══ MATERIAL FOR THIS EXERCISE
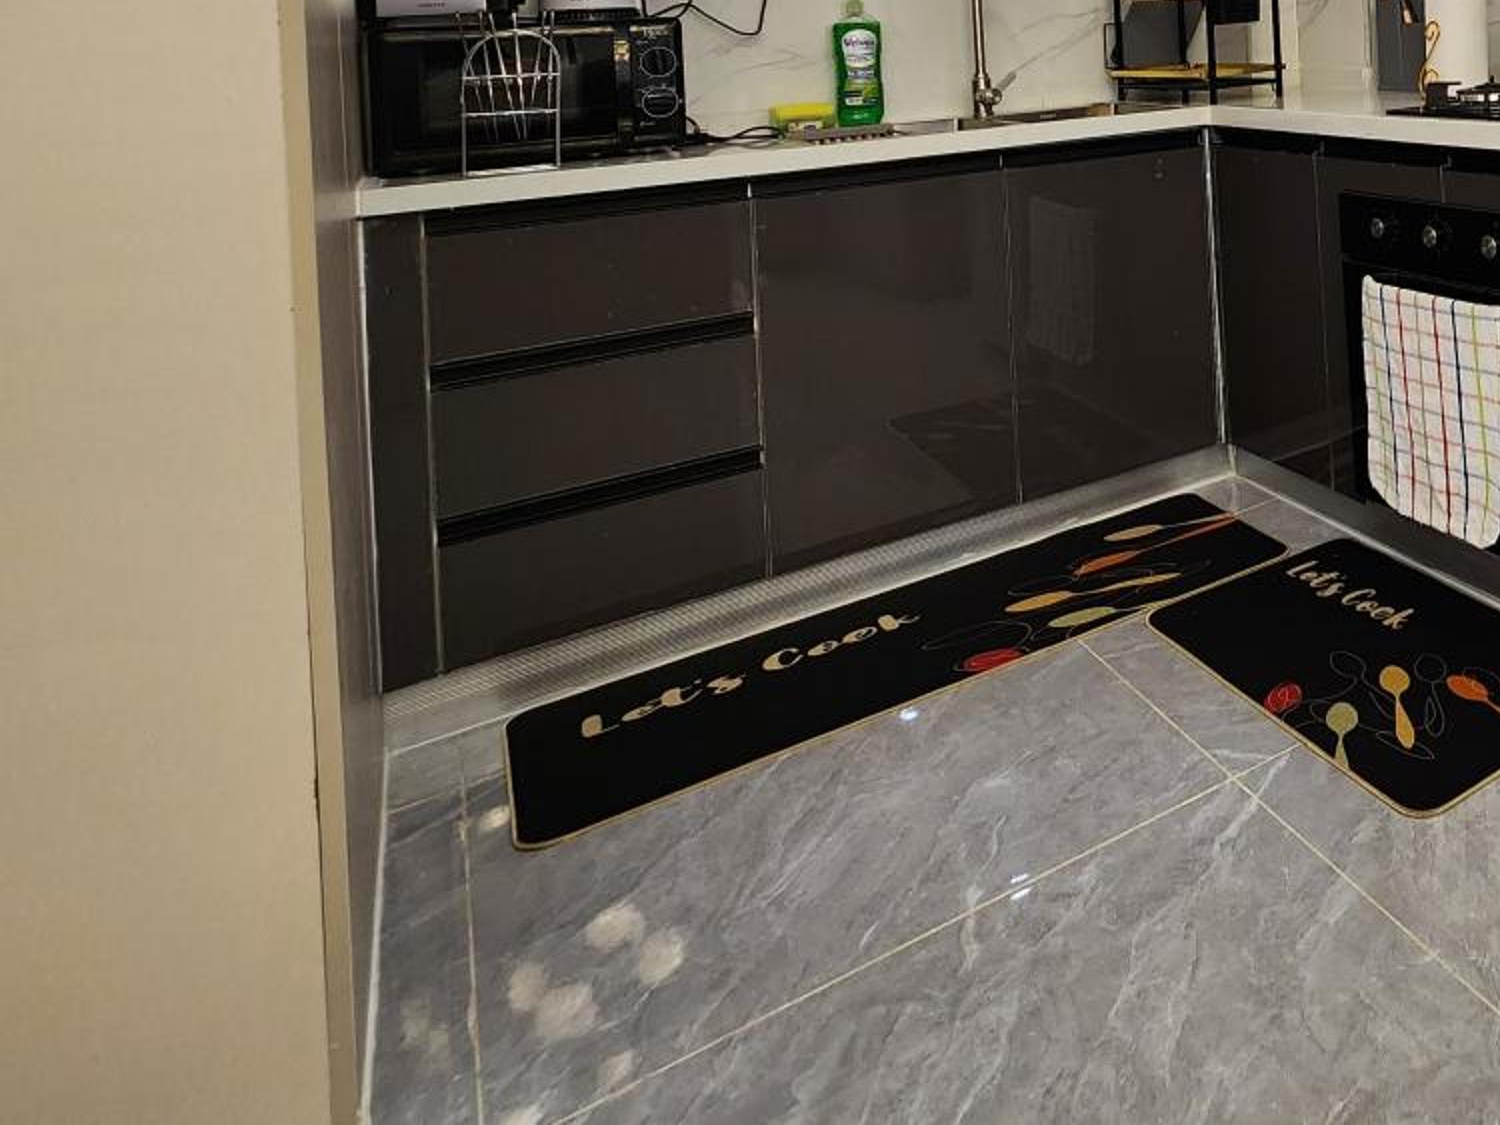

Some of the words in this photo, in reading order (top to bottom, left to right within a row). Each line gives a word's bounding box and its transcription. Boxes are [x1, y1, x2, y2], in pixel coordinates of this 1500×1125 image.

[1286, 560, 1346, 597] Let's
[1342, 588, 1415, 629] Cook
[581, 673, 746, 738] Let's
[762, 615, 920, 671] Cook
════
EXERCISE DETAILS:
Although the records contain pictures, restate them word for word with those pictures left out.

WRITTEN ANSWER:
Some of the words in this photo, in reading order (top to bottom, left to right within a row). Each line gives a word's bounding box and its transcription. Boxes are [x1, y1, x2, y2], in pixel coordinates of this 1500×1125 image.

[1286, 560, 1346, 597] Let's
[1342, 588, 1415, 629] Cook
[581, 673, 746, 738] Let's
[762, 615, 920, 671] Cook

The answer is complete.